The annual average sales volume in Los Angeles County dipped just a little less than $1 billion compared to the pre-pandemic average sales volume of $7.2 billion. This indicates that office spaces are still selling, and the market is still healthy due to the demand for office buildings.

What’s more impressive is the increase in office sales volume for Long Beach, which experienced a rise up to $196 million in the last 12 months from the 5-year annual average of $105 million.

Average Office Space Price

  • Los Angeles County – $469/sq ft
  • Downtown Long Beach – $246/sq ft

Average Capitalization Rate

A lot of commercial real estate investors buy properties based on the Capitalization Rate (or cap rate for short). It is defined as the ratio of an asset’s net operating income (NOI) to its valued price.

  • Los Angeles County – 5.4%
  • Long Beach – 5.6%

Many analysts consider a “good” cap rate to be around 5% to 10%, and since the average for LA County and Long Beach sits at 5.4% and 5.6%, it tells us that the office space market is indeed not dead.

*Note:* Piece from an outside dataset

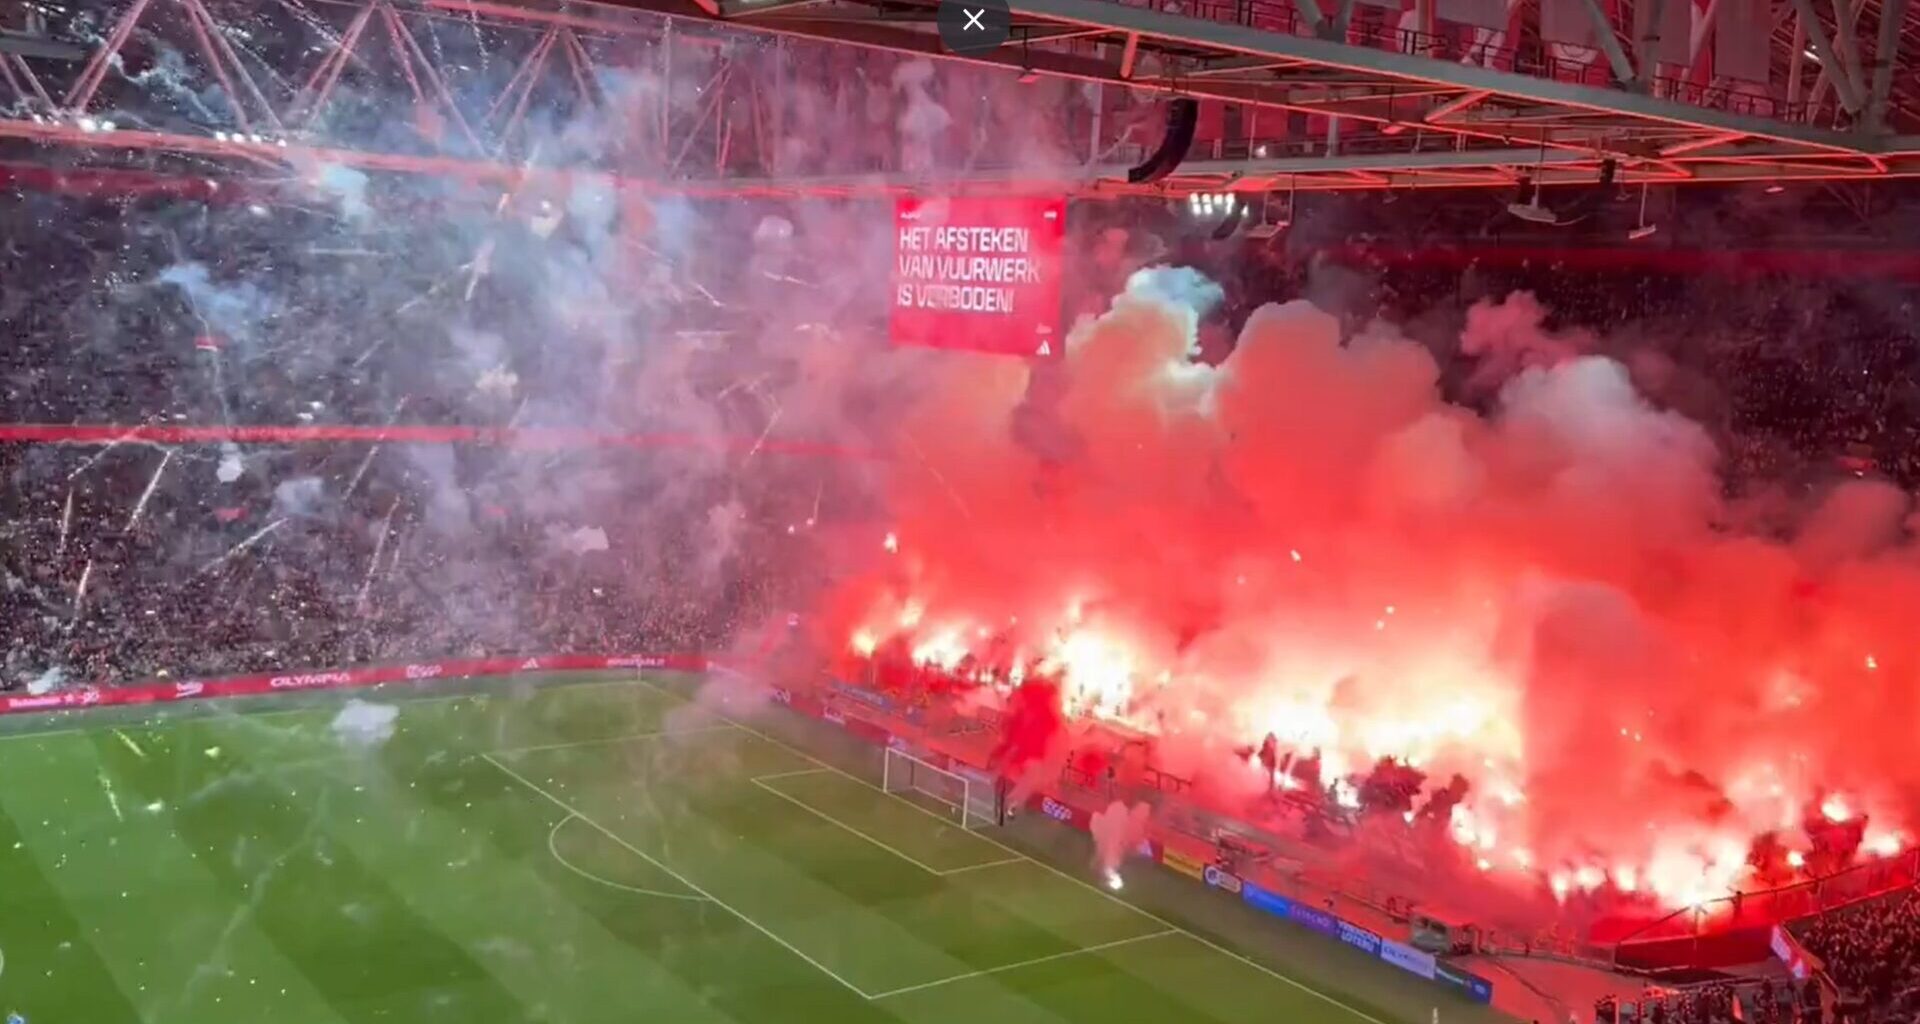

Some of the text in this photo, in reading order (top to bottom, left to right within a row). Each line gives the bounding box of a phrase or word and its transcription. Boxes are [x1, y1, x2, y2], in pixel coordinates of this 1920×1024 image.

Conclusion: Is the office sector dead?

Simply put, no. The office sector in Southern California is not dead for three reasons:

  1. There’s still demand for office buildings. As shown by rent growth and sales volume returning to pre-pandemic levels, we’re confident that investors are still willing to make bets on the commercial office market.
  2. Vacancy rates are not as high as predicted and still slowly recovering. Although many employees are spending most of their work weeks at home, employers still need a space for them when they return to the office at least once a week.
  3. The hybrid work model is here to stay. It’s difficult to tell where the trends will go during the next 12 to 24 months, but one thing that’s guaranteed is that companies will have to keep the hybrid work model for their employees. This will keep an ongoing demand for office spaces as companies downsize their needs.

The office sector in Southern California and the nation as a whole is slowly recovering and essentially evolving as companies continue to navigate the post-pandemic work environment to find a balance for their employees.